Secara keseluruhan bahwa mesin diesel ini dapat kita jumpai dengan roda pulley yang dihubungkan ke beban menggunakan karet penggerak seperti sabuk yang bernama vanbelt. sesuai peralatan yang dibutuhkan misalnya bajak sawah, katrol, genset, dsb, ini tidak lagi asing disekitar kita makanya bila kepingin tahuan itulah akan saya share melalui postingan ini.
Fungsi dari Pulley
Pulley ini bentuknya menyerupai roda berporos yang dibuat menggunakan mesin bubut berteknologi modern. Umumnya pulley digunakan sebagai penghubung antara mesin diesel ke beban.
Rata-rata ini perlu pulley jadi bila ngak tahu namanya dapat dilihat pada gambar ilustrasi bisa pada mesin diesel atau beban yang sudah dipasang pulley sesuai kegunaannya.
Ukuran pulley sendiri diukur dengan satuan per inchi jadi harap teliti sebelum membeli kebanyakan tersedia ukuran mulai dari 4 inch sampai 12 inch atau bisa lebih.
Sedangkan poros dari lobang AS pulley ini menurut saya diukur dengan mm seperti setiap 1 mm berarti 0.1cm.
Nah seperti mesin penggerak berbahan bakar bensin, sumbu AS untuk pulley ini mulai dari lobang 17mm sampai 19mm saja. sedangkan mesin diesel seperti 24pk ini paling tidak ukuran pulley beban kisaran 25mm sampai 48mm lho.
Fungsi dari Vanbelt
Vanbelt sendiri ini berfungsi sebagai penghubung dari mesin ke beban. Bahan karet vanbelt ini sangat kuat sekali tidak mudah rusak yang didalamnya terdapat benang nilon sehingga bisa sampai berukuran besar.

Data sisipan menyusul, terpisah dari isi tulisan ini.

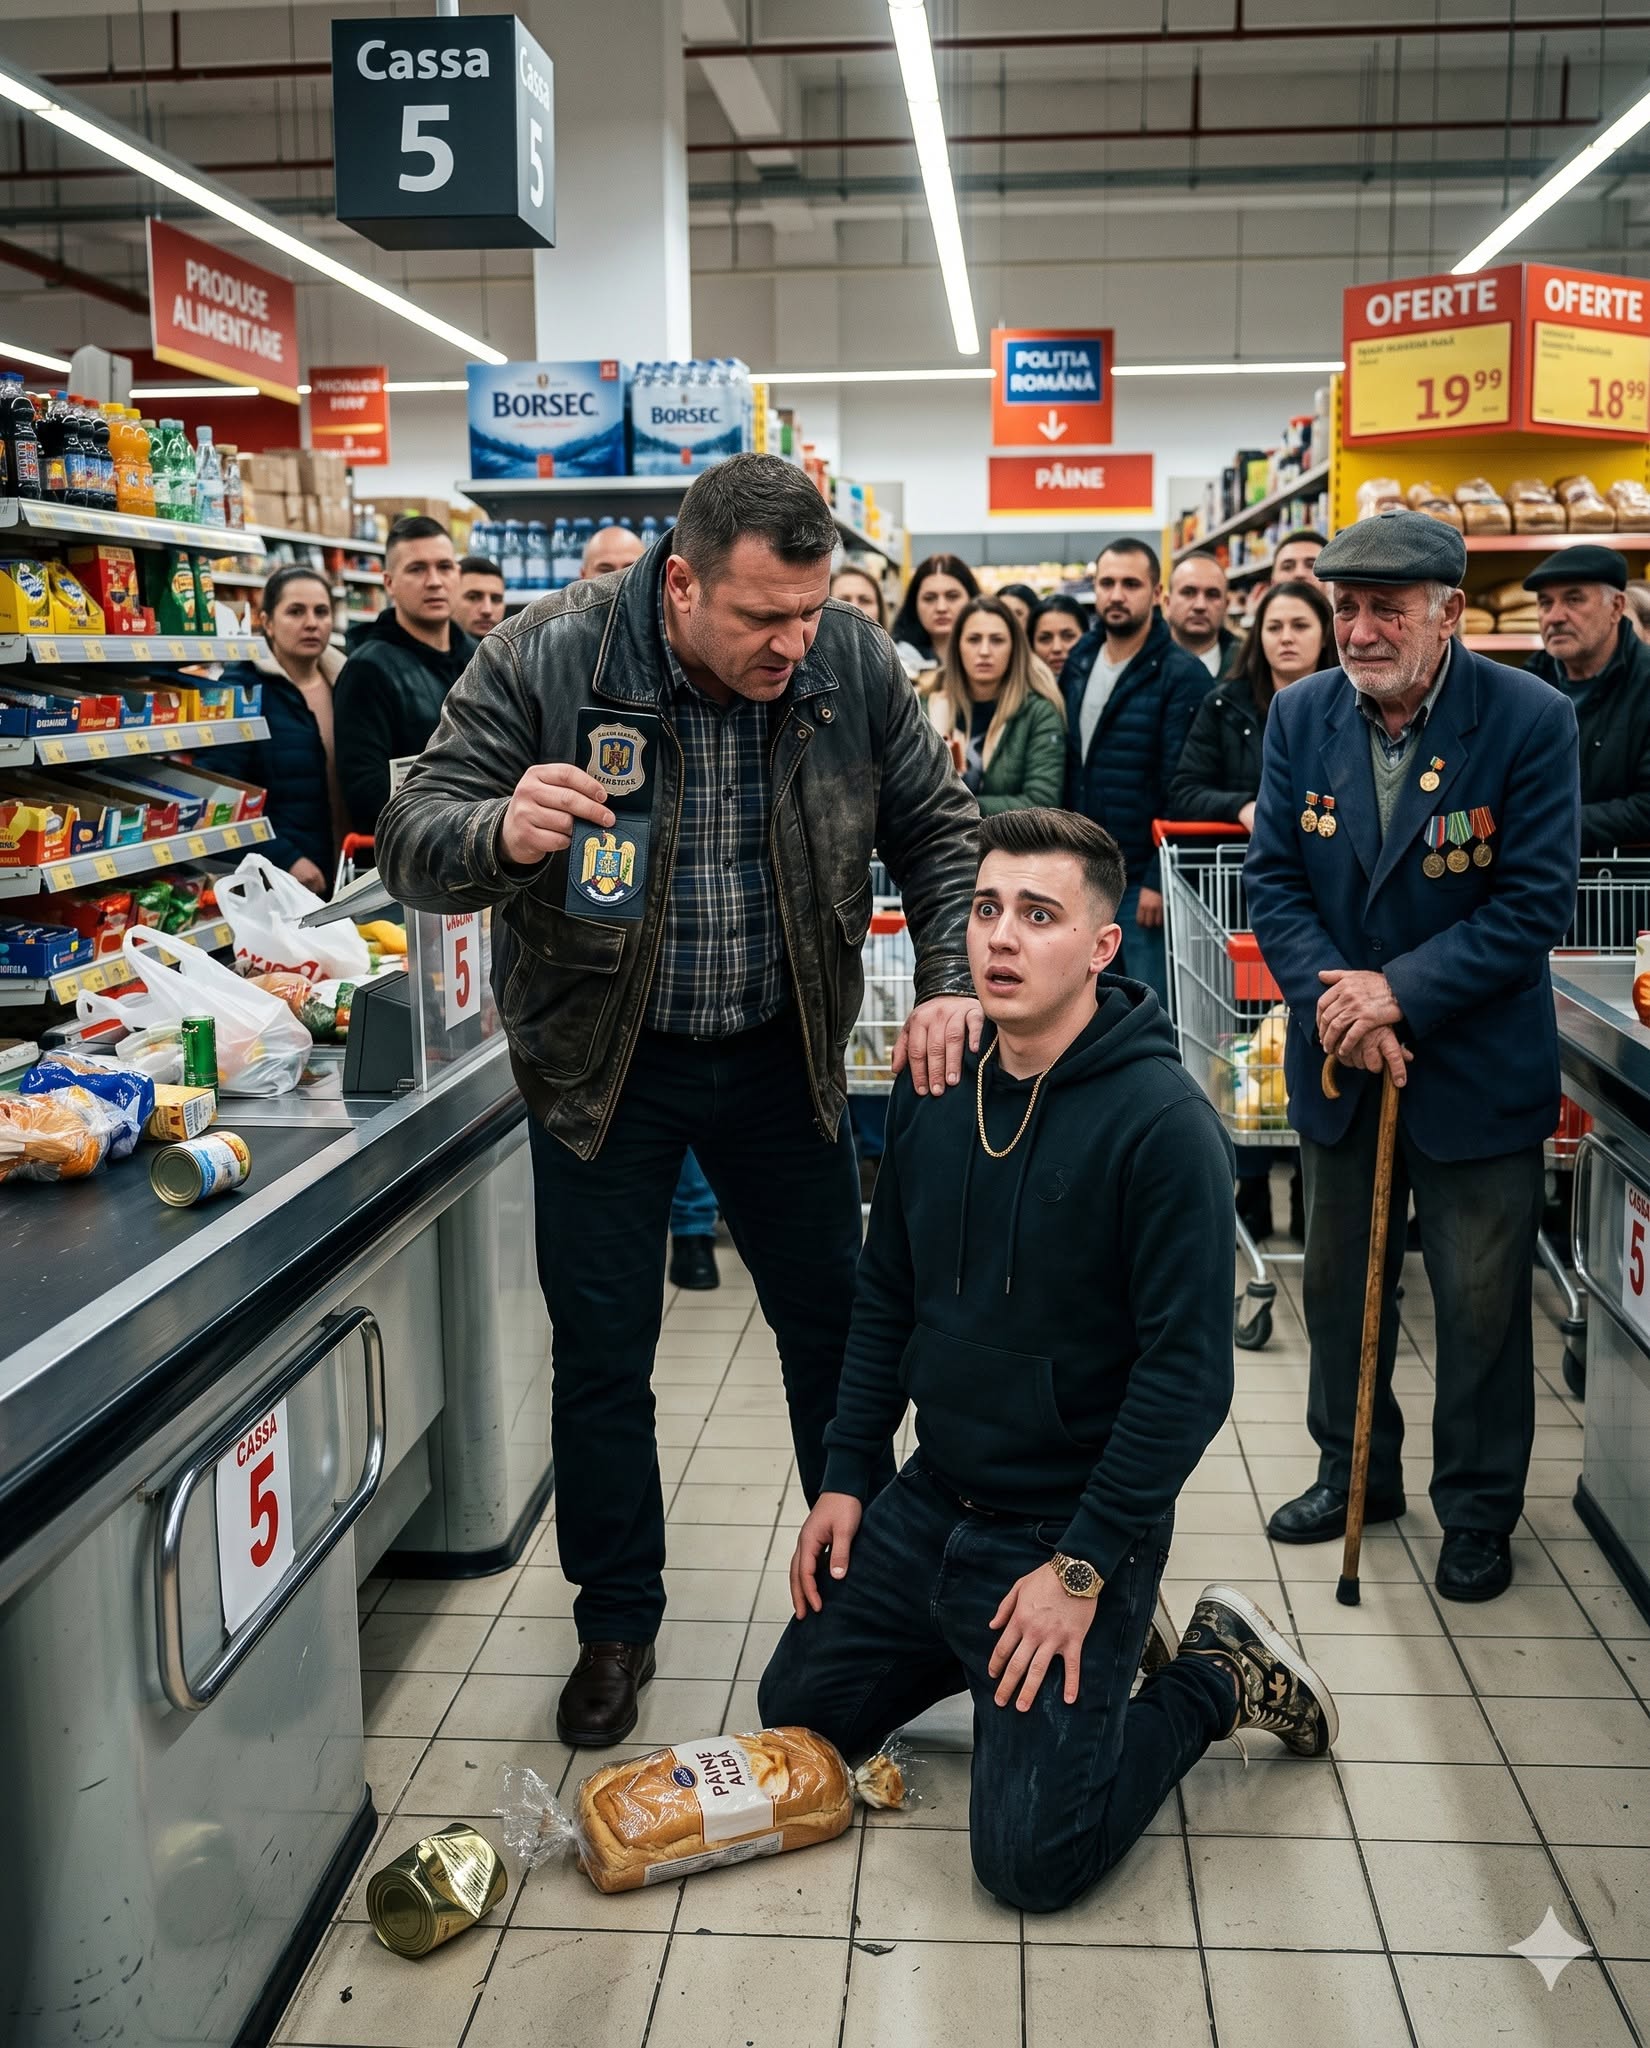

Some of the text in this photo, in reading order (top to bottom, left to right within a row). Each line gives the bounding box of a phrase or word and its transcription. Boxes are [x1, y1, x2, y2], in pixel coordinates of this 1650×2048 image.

Ibaratnya bahwa karet penghubung ini bentuknya sesuai dengan lubang nat tepat pada roda pulley. Ukuran dari vanbelt ini diukur mulai dari tipe A, B, C, D, E, M, MF, K.
Panjang dari v-belt sendiri diukur dengan satuan inchi. Sebaiknya ganti menjadi cm dengan perhitungan 1 inchi = 2.54 cm biasanya panjang dari vanbelt ini dimulai dari 15 inchi sampai 80 inchi atau bisa lebih.
Oke setelah ini cari tipe vanbelt yang sesuai atau bisa dilihat ukurannya seperti vanbelt mesin cuci, kipas, selep, dsb.